Each year, seven out of 10 Americans die from chronic diseases. The vast majority of America’s healthcare costs are associated with chronic health issues and conditions that we can, in fact, prevent if we can just manage to give patients and providers advance notice.
To give advance notice, we need the data upon which to compute these insights. We certainly need the level of precision genomics provides, but we also need every bit of surrounding context too. To affect broad systemic change, we need a wide purview.
What we’re seeing in the field is that the explosion of information available to us not only from the human genome, classic labs and family history, but also from a comprehensive assessment of lifestyle, environmental, dietary and activity data that makes true predictive medicine a “right now” opportunity, and not just the stuff of science fiction.
Which is all to say: prediction requires precision, but it does not require precision alone. Predictiveness comes from a simultaneously wide and narrow aperture. You need a lot of data, but you need high-accuracy tent-poles too.
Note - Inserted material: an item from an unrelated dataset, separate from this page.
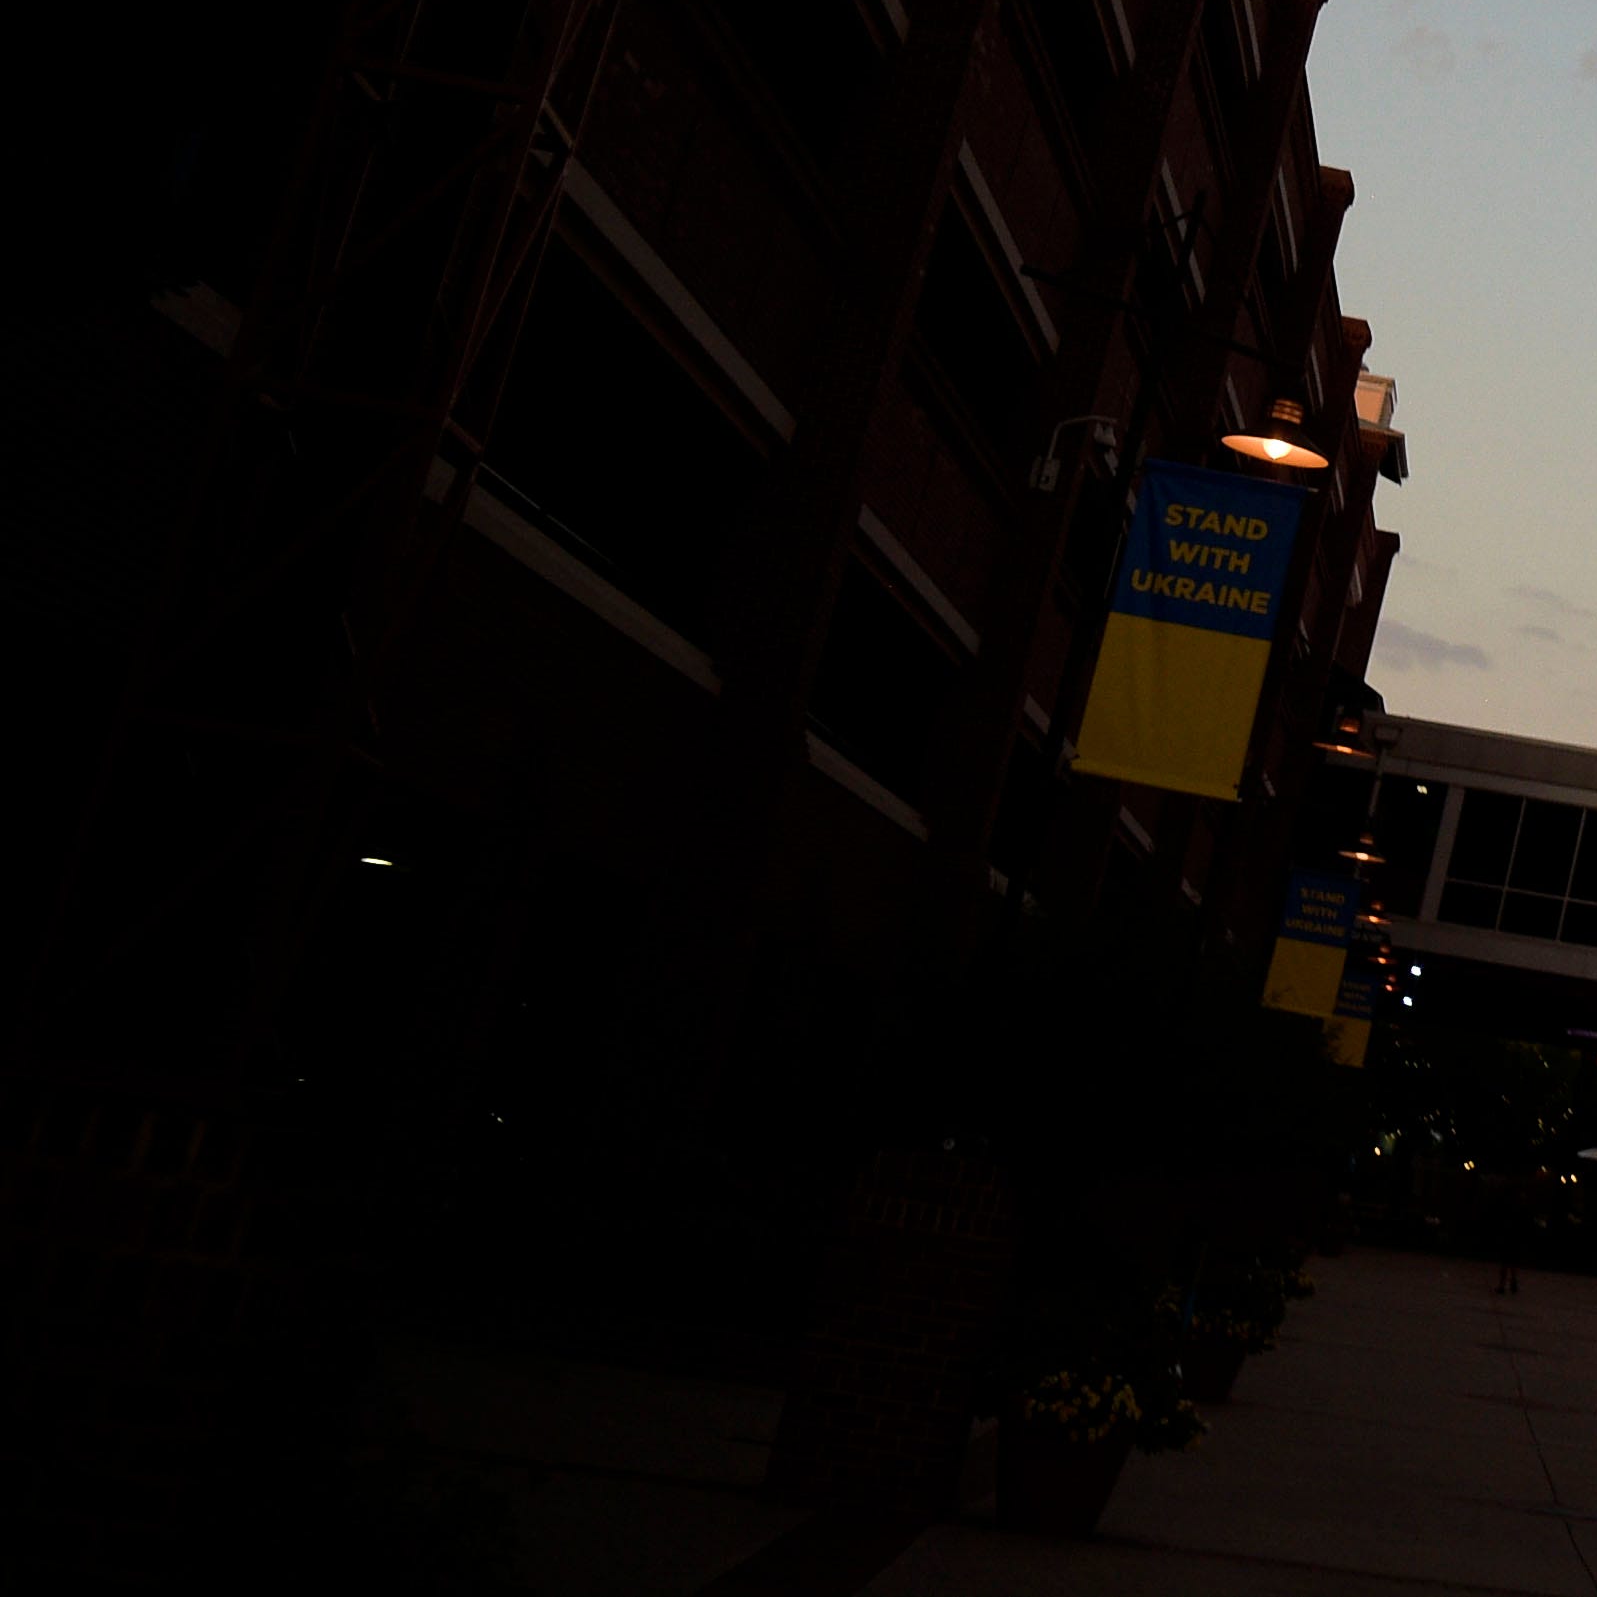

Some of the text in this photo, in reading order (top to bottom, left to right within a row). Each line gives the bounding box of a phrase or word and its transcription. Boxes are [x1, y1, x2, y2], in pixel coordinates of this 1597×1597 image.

[1165, 504, 1268, 540] STAND
[1169, 541, 1251, 574] WITH
[1132, 569, 1272, 615] UKRAINE
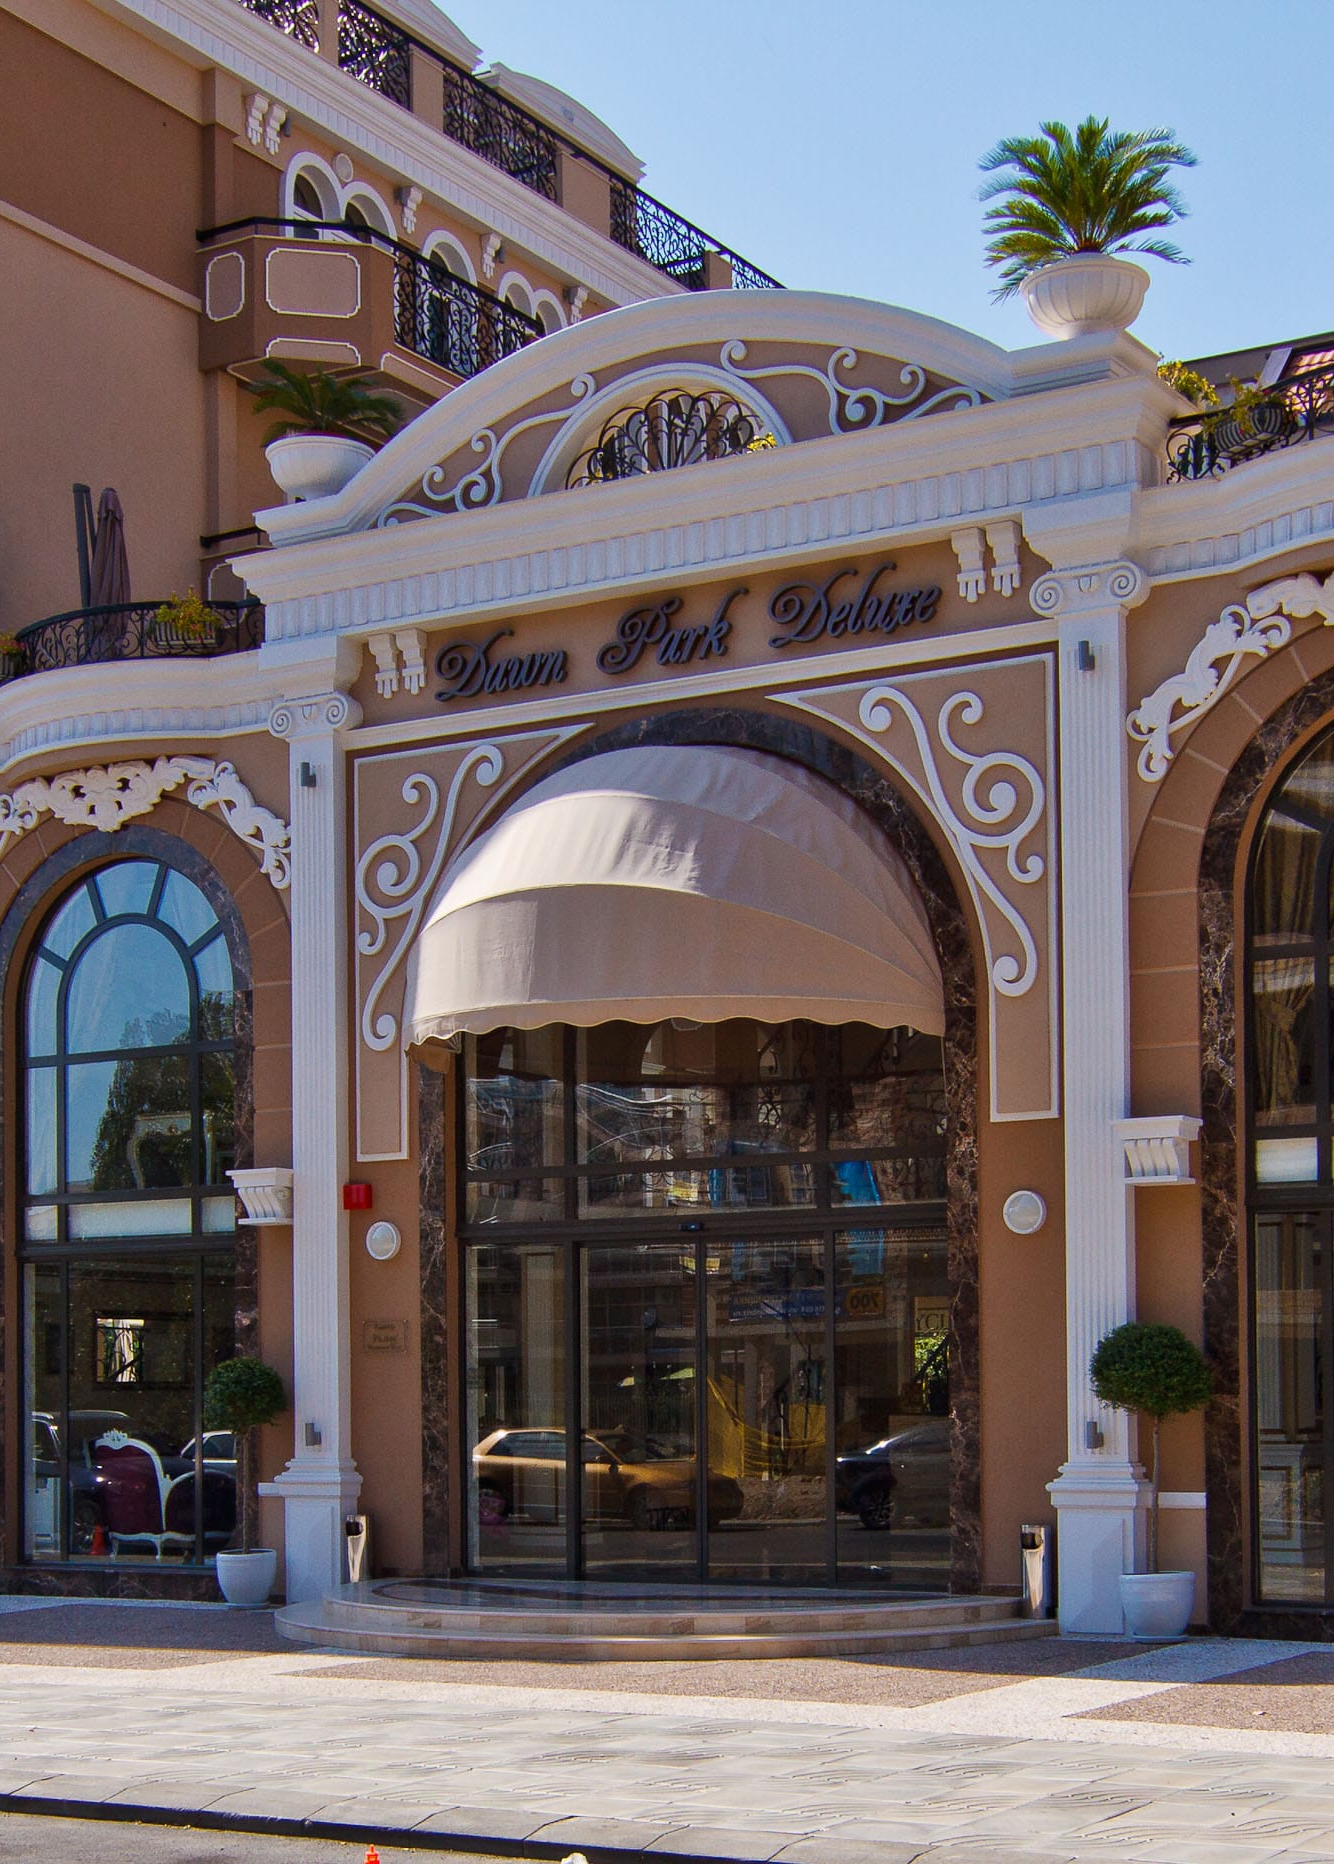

In a recent whitepaper, Optum similarly argued that today is the tipping point for predictive analytics in healthcare because the data we now have at our fingertips makes much higher-reliability outputs possible:
“Predictive analytics uses regression models on underlying data to predict outcomes. This [fact] is not new to healthcare. The challenge, in past years, has been the underlying data.
[For example], claims data alone does not get at a patient’s overall health or disease-specific functioning. This clinical data is often handwritten, dictated or incomplete. Hence, predictive modeling [historically] relied on relatively small data sets, often of poor quality, and with limited variables. The result was marginally predictive models.”
In other words, the actual pragmatics of making predictions isn’t rocket science; what’s been holding us back is that we’re only as good as the data that we draw upon. We now finally have the raw materials necessary to project into the future with accuracy.
Why Should I Care?
Here are a few of the business cases. These are the carrots.
These new capabilities can realistically help everyone from administrators modeling things like hospital admissions (and readmissions) to providers understanding things like the likelihood a patient will develop congestive heart failure to risk-bearing organizations like ACOs doing things like proactively identifying gaps in care, not to mention payers who wish to proactively and progressively drive down risk by investing in population wellness.
But the market inevitability of healthcare’s Triple Aim (background here), which is supported by the NIH, Medicare, Medicaid and many others, mandates that we simultaneously pursue better care, better health and lower costs. Those are the sticks. Those are the structural drivers, and they are emphatic.